The rise and fall of the water levels define the local flora and fauna, creating a mosaic of habitats and a home for many rare species. It is the last refuge of the European pond turtle or the white-tailed eagle, which was extinct in Austria for many years. “They sometimes entered Austrian territory to hunt, but didn’t build any aeries here for a long time.” Eagles need very calm surroundings to breed; if they feel disturbed in any way, they abandon their eggs rather than risk staying in the area. For Dorn and her colleagues, the return of the white­-tailed eagle is one of their biggest success stories: “If it weren’t for the national park, that would have never been possible.”

Still, it is very unlikely for any of their up to 1.5 million annual visitors to actually spot such exotics in the wild. “The Donau-Auen national park is not comparable to the African Serengeti, where you can see many different animals from a distance. Because the vegetation is so heavy around here, you will most likely see… foliage.” Dorn chuckles. Therefore, several sightseeing areas are scattered around the park where native animals are presented in enclosures. Dorn explains: “We try to inform visitors about native wildlife, while also keeping them concentrated in those zones, to leave the majority of the park for animals.”

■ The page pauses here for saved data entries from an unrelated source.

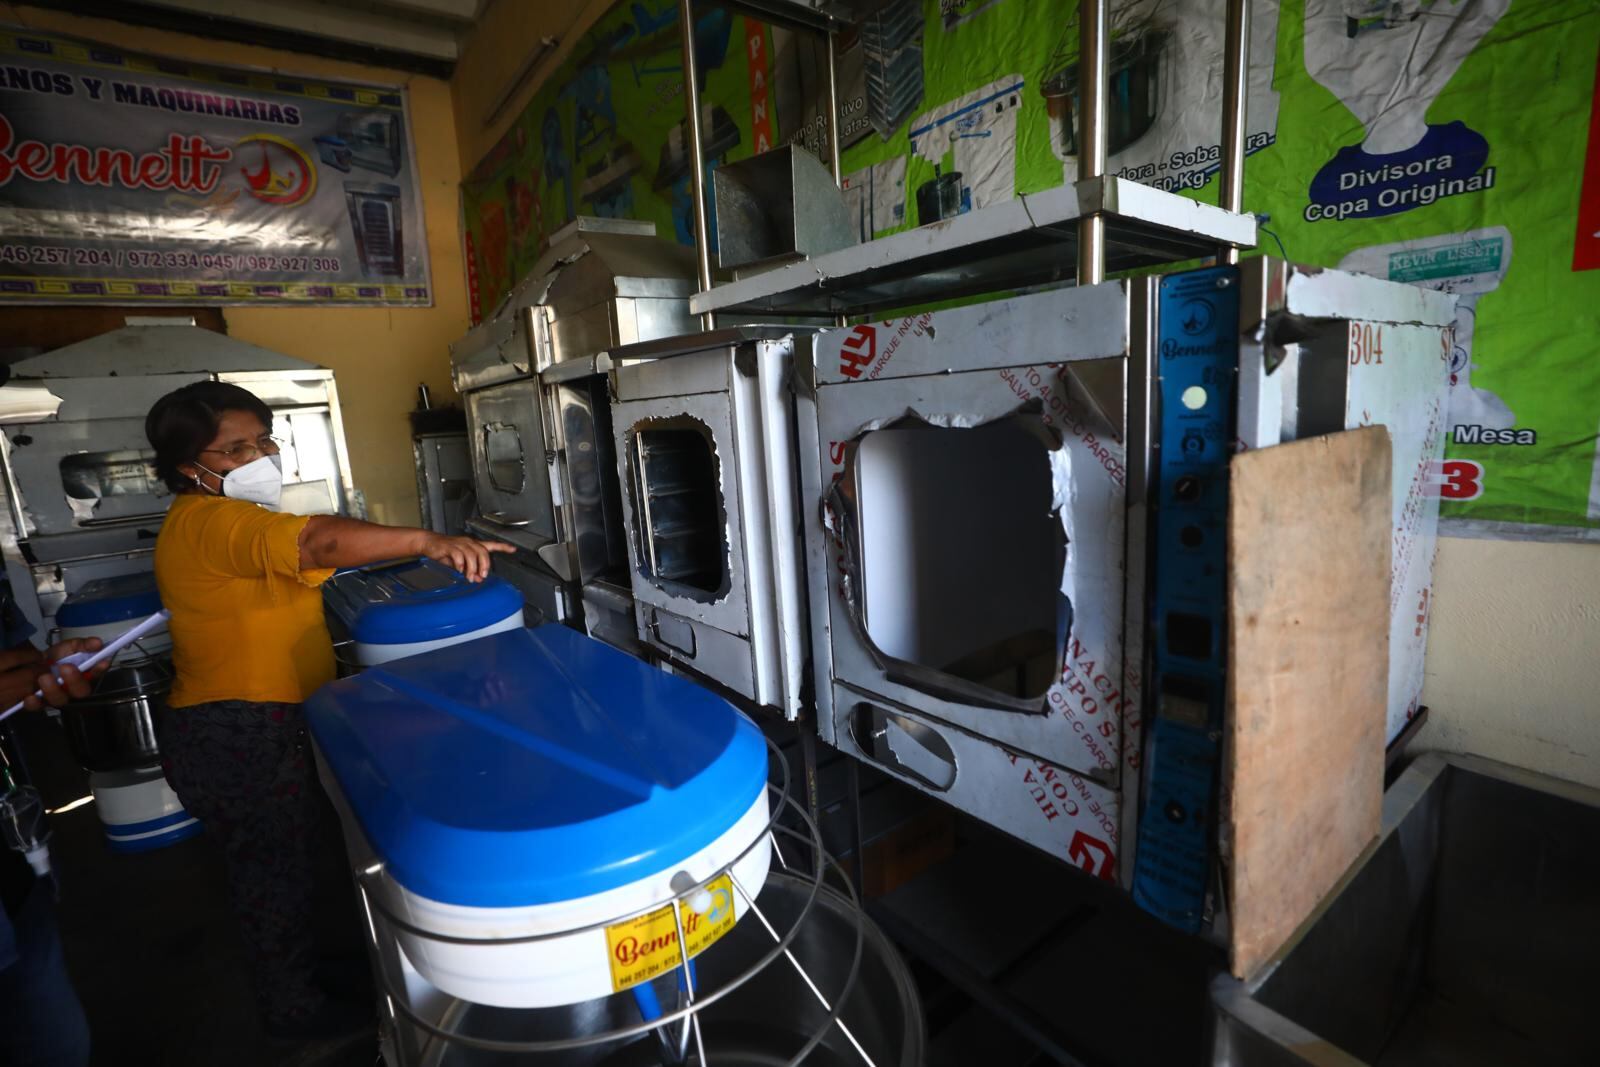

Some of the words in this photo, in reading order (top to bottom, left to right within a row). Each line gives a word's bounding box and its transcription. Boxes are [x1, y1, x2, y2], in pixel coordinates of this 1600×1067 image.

[81, 77, 102, 99] Y
[112, 82, 300, 125] MAQUINARIAS
[1113, 162, 1155, 182] dora
[1339, 154, 1452, 191] Divisora
[1305, 190, 1369, 222] Copa
[1378, 168, 1495, 207] Original
[0, 246, 28, 263] 46
[34, 248, 69, 264] 257
[76, 250, 111, 265] 204
[129, 252, 161, 267] 972
[167, 254, 198, 268] 334
[203, 254, 233, 269] 045
[313, 257, 340, 272] 308
[869, 334, 901, 380] PARQUE
[1349, 322, 1384, 366] 304
[1455, 425, 1536, 445] Mesa
[1024, 769, 1060, 821] HUA
[1032, 759, 1080, 817] COM
[1069, 772, 1092, 801] IND
[615, 911, 700, 967] Benntt

Overall, Vienna is teeming with life, often unseen. While sharing a habitat with wild animals can sometimes cause complications, most of them have adapted to the sprawl and go about their business unperturbed. With lots of green areas within city limits and an exotic, diverse ecosystem next door, the wilderness is actually really close, waiting to be explored – but please keep your pet on a leash.